### Exercise aim:
Each line of the material should be set down exactly. Pictures are not part of the copy.

(Supplied data Opens)

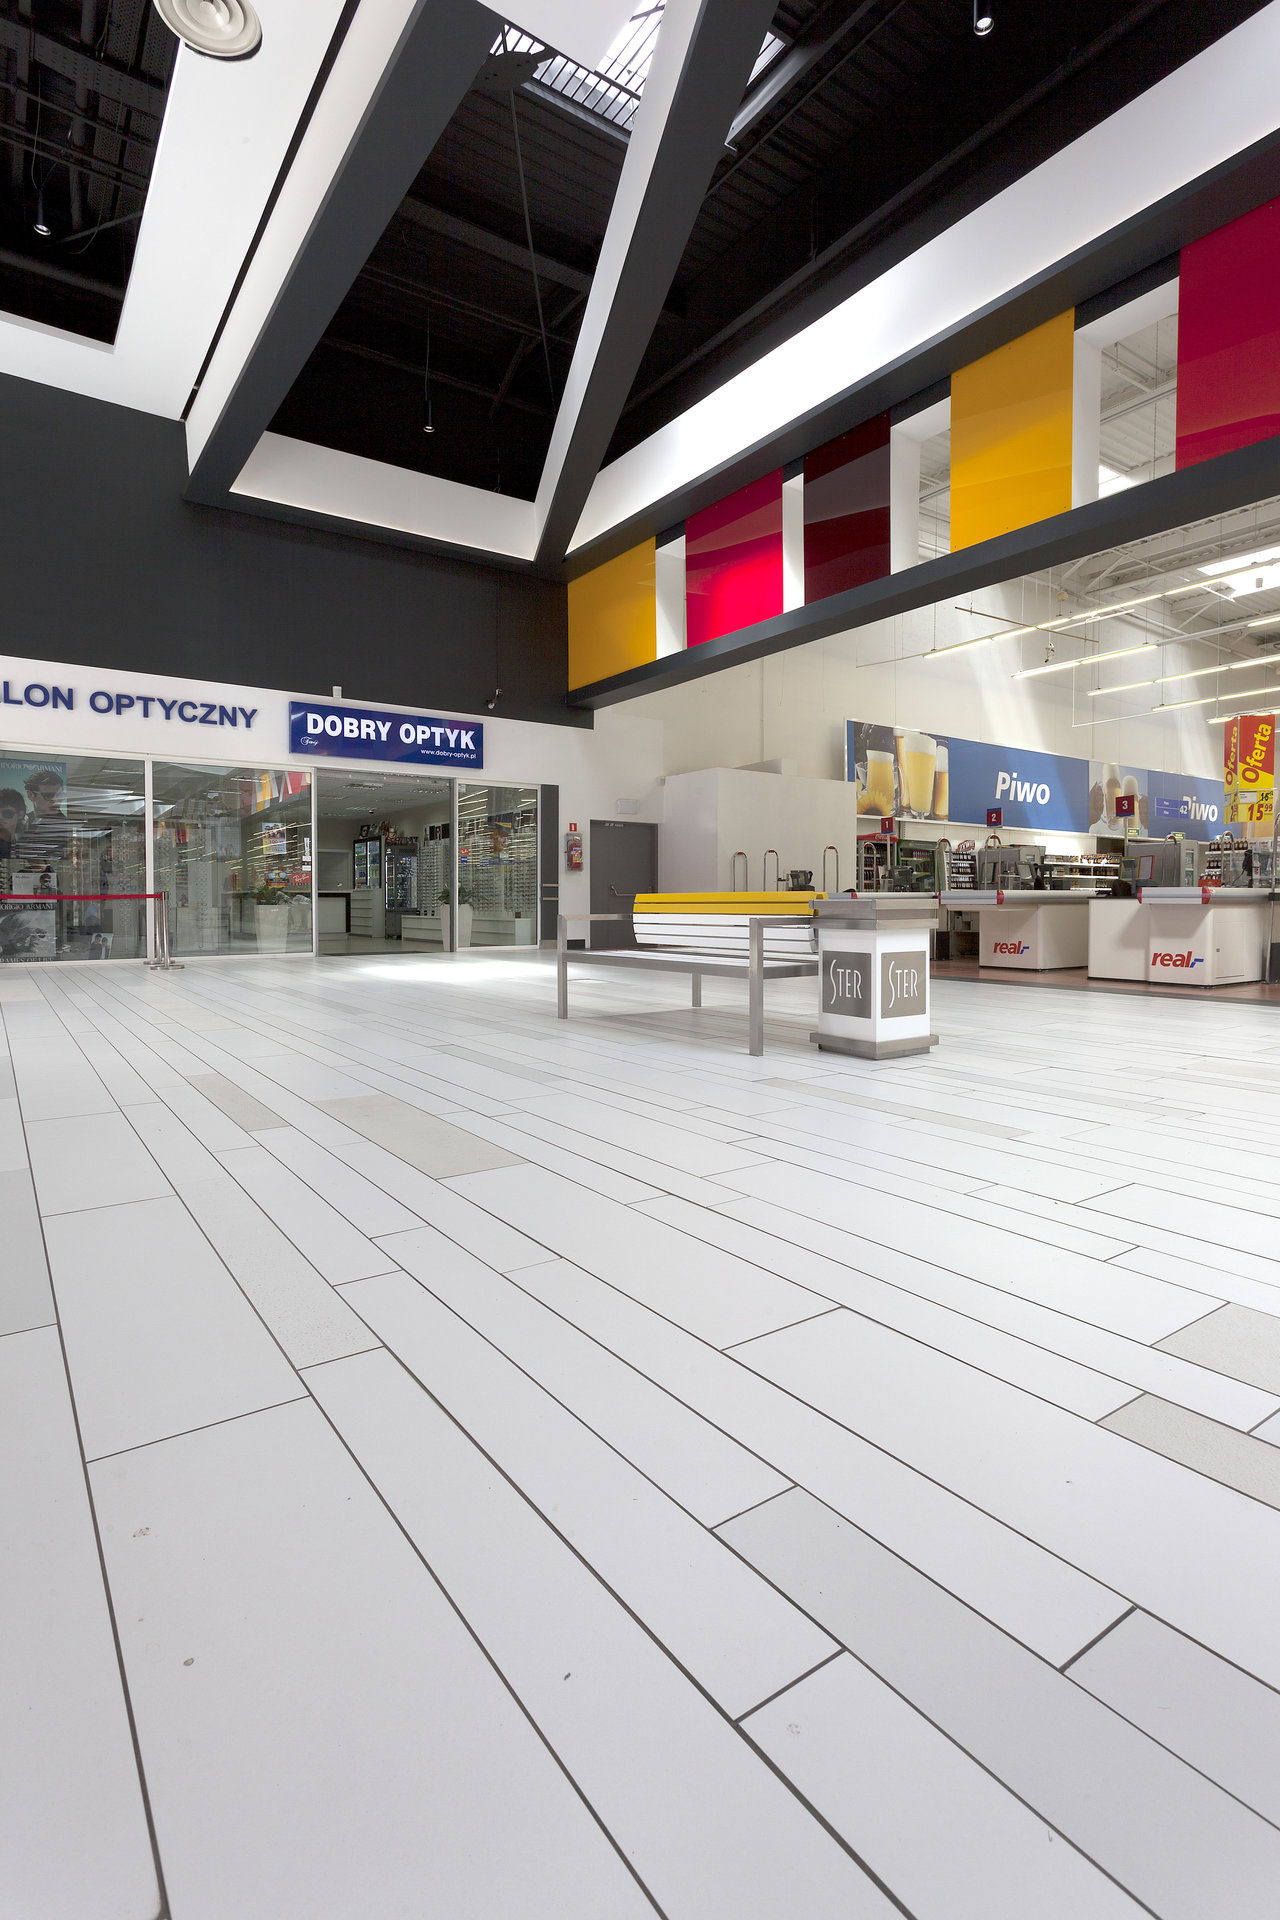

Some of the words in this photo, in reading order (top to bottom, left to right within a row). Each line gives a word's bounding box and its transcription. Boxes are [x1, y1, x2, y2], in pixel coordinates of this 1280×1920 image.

[0, 681, 74, 711] LON
[89, 691, 258, 729] OPTYCZNY
[306, 712, 392, 742] DOBRY
[399, 723, 475, 750] OPTYK
[420, 748, 477, 759] www.dobry-optyk.pl
[1225, 726, 1238, 786] Oferta
[1241, 723, 1272, 784] Oferta
[995, 771, 1051, 805] Piwo
[1121, 800, 1128, 810] 3
[1179, 805, 1188, 815] 42
[885, 820, 889, 829] 1
[991, 813, 997, 822] 2

(Supplied data Closes)

### Exercise response:
Some of the words in this photo, in reading order (top to bottom, left to right within a row). Each line gives a word's bounding box and its transcription. Boxes are [x1, y1, x2, y2], in pixel coordinates of this 1280×1920 image.

[0, 681, 74, 711] LON
[89, 691, 258, 729] OPTYCZNY
[306, 712, 392, 742] DOBRY
[399, 723, 475, 750] OPTYK
[420, 748, 477, 759] www.dobry-optyk.pl
[1225, 726, 1238, 786] Oferta
[1241, 723, 1272, 784] Oferta
[995, 771, 1051, 805] Piwo
[1121, 800, 1128, 810] 3
[1179, 805, 1188, 815] 42
[885, 820, 889, 829] 1
[991, 813, 997, 822] 2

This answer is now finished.